Hartos de la llovizna, decidimos aprovechar el domingo para ir a un lugar en el que no importara mucho el tema lluvia. Así nos decidimos a conocer la ciudad de Alta Gracia, que queda a unos 50 km de Villa General Belgrano. El camino es muy bonito, sobre todo la parte después del Dique Los Molinos, con muchos árboles, paredes montañosas y lindos paisajes.
Lo único que sabía de Alta Gracia era que había un Museo del Ché. Cómo lo sé, no tengo ni la menor idea.

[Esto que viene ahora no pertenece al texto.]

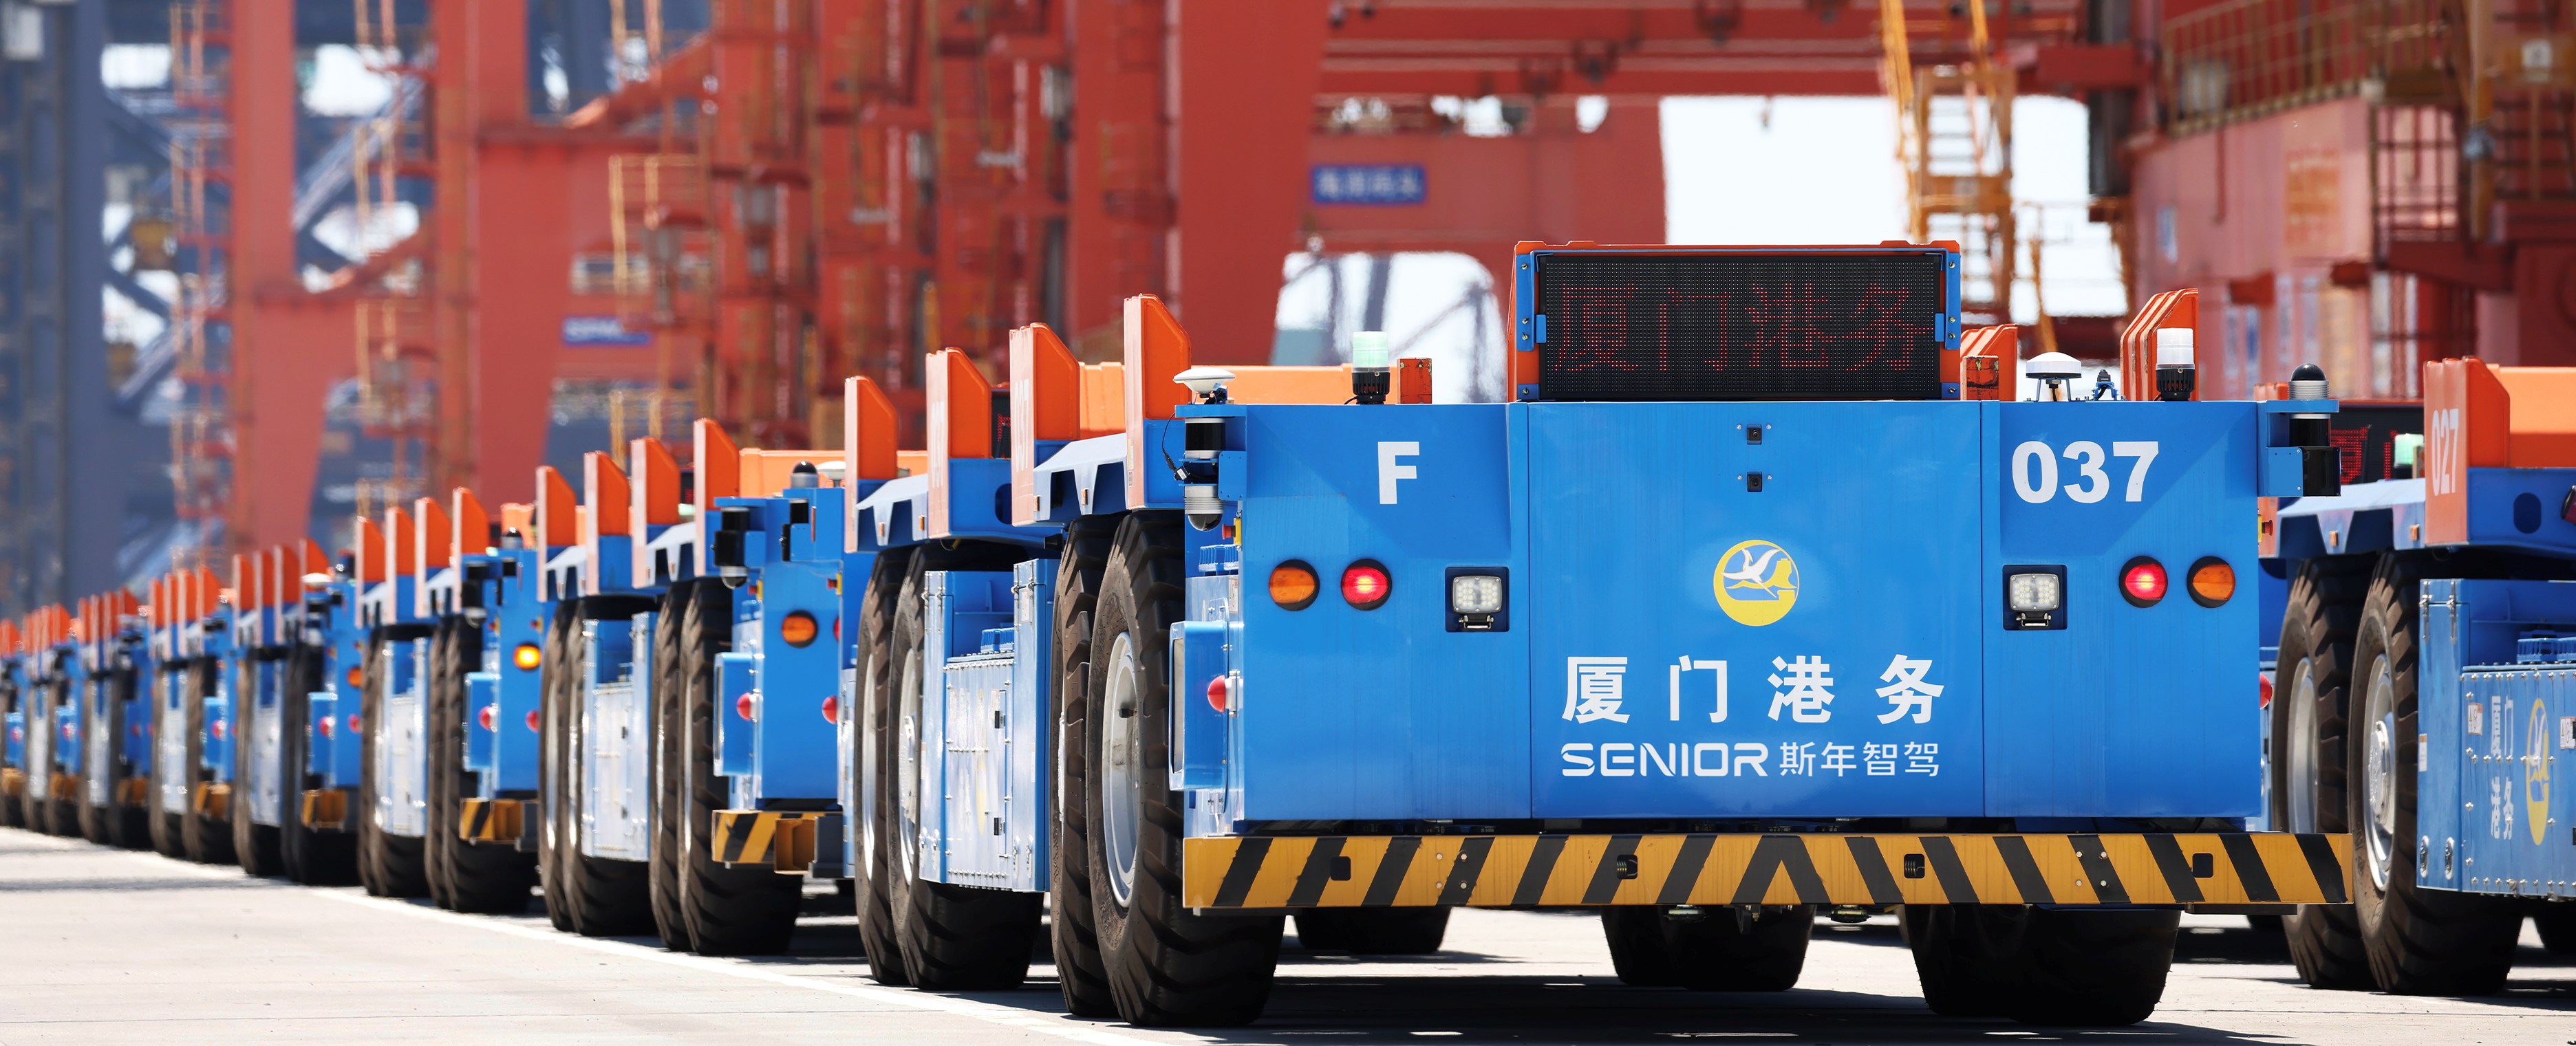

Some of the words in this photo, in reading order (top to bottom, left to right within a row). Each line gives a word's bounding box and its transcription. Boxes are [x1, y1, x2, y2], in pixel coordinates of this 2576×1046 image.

Pero mejor no indagar mucho en el tema, porque este detalle mi hizo acordar mucho a un amor adolescente (no correspondido) que tenía devoción casi religiosa por el Ché. Pero dejémoslo ahí y sigamos con el relato.

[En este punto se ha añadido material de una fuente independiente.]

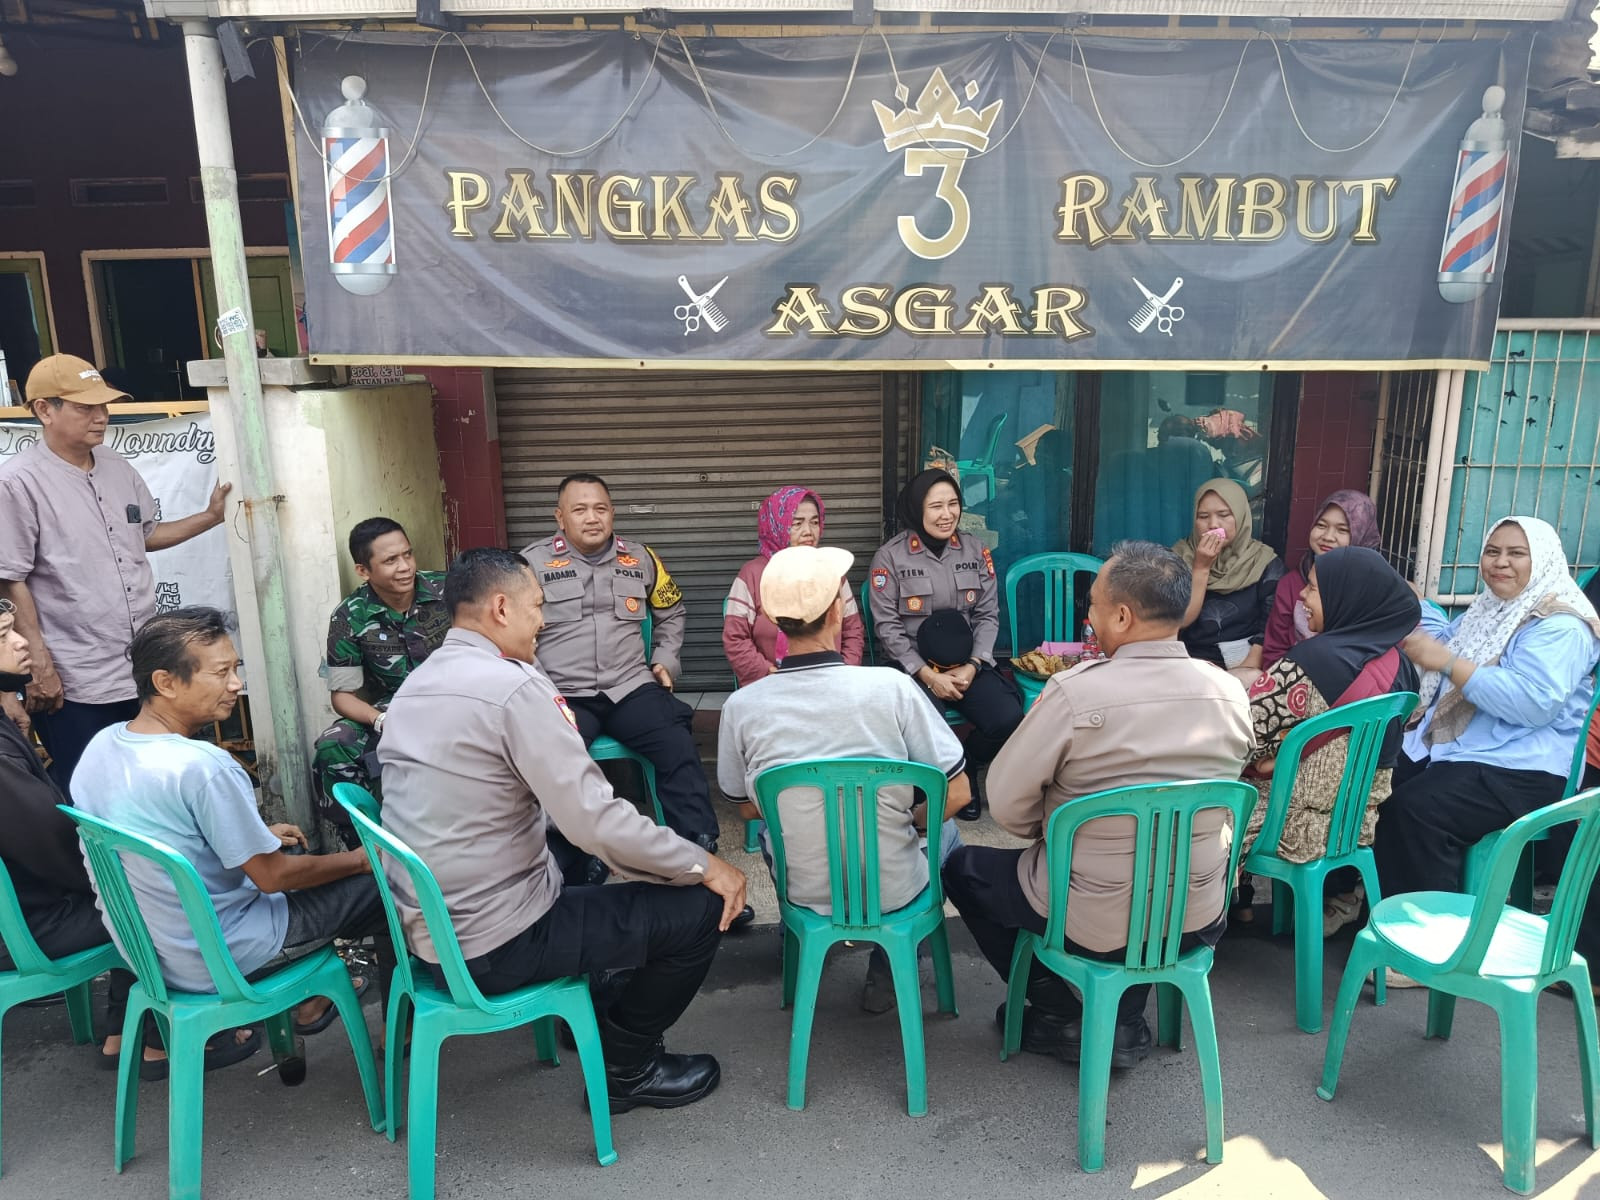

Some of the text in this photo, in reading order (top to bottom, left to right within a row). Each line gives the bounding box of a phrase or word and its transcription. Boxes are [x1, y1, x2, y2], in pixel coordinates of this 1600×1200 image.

[446, 148, 1397, 260] PANGKAS 3 RAMBUT
[765, 285, 1094, 341] ASGAR
[544, 569, 577, 583] MADARIS
[615, 568, 644, 579] POLRI
[900, 569, 924, 578] TIEN

Gracias a la magia del GPS, caimos directamente en el centro neurálgico de la ciudad, en donde se encontraba la antigua estancia jesuítica Alta Gracia, primer asentamiento del lugar que le dio enorme empuje a la zona y la convirtió en una de las ciudades más importantes de la provincia.
Después de pasar a buscar info en la Torre del Reloj (que funciona como oficina de turismo), fuimos a visitar la iglesia y después entramos en la estancia, construida en el siglo XVIII y declarada patrimonio histórico de la humanidad hace unos años.
Muy buen paseo, el lugar está muy bien conservado y es un testimonio muy grosso de cómo eran este tipo de estancias en los albores del país. El lugar fue residencia del Virrey Liniers y conserva parte del mobiliario original y muchas de sus dependencias recreadas con detalles muy precisos. También hay un ala dedicada a las imágenes religiosas y algunos recovecos lindos para sacarse fotos.





Terminada la visita, nos dirigimos a la calle principal a buscar algún lugar para comer, pero la misión fue imposible. Domingo a las tres de la tarde está todo cerrado. Bueno, casi todo, porque después de caminar y caminar entramos a un restó de la esquina de la estancia jesuítica que al principio no nos gustó del todo pero que resultó una grata sorpresa. ¡Comimos los mejores ravioles EVER! Y no nos mataron con el precio. A esa altura el clima ya había cambiado y de lalloviznita molesta que teníamos cuando entramos a la iglesia pasamos a un calor húmedo y sofocante.
Pero no nos podíamos ir sin visitar el Museo Casa del Ché. Emprendimiento que me parece muy bueno (la comuna compró la casa para hacerla un museo) pero un poco pobre, porque son casi todas fotografías. Y más allá de recorrer el lugar donde el Ché pasó su infancia, el lugar no tiene mayor atractivo. Por cinco pesos (lo mismo que sale la entrada al museo de la Estancia), nos pareció una garcha. Además, tiene unos sensores ridículos que si uno se acerca mucho a las soguitas que separan el área de recorrido de las zonas "no permitidas" que son re buchones. ¡Como si hubiera algo importante para robarse!
Después partimos con Papá Oso a buscar algún lugar en el que refrescarnos y aprovechar el primer calor interesante de nuestra estadía. No sin antes pispear la zona "top" de la ciudad. ¡Qué casas y cuánto buen gusto arquitectónico! Hay mucho Art Noveau, que nos vuelve locos.
Terminamos en Villa Los Aromos, un balneario bien de pueblo con algunas playitas para chapotear.

El lugar lindo, aunque la arena un poco gruesa (yo fui sin mis havaianas y lo padecí). Y para los lugareños resultamos criaturas de lo más exóticas porque notamos miradas de curiosidad a troche y moche. Nota mental: vestirse de forma poco llamativa y/o más ordinaria para mimetizarse con el entorno. By the way: Había unos cuántos papis morruditos que hubieran enamorado a varios de mis amigos más cercanos.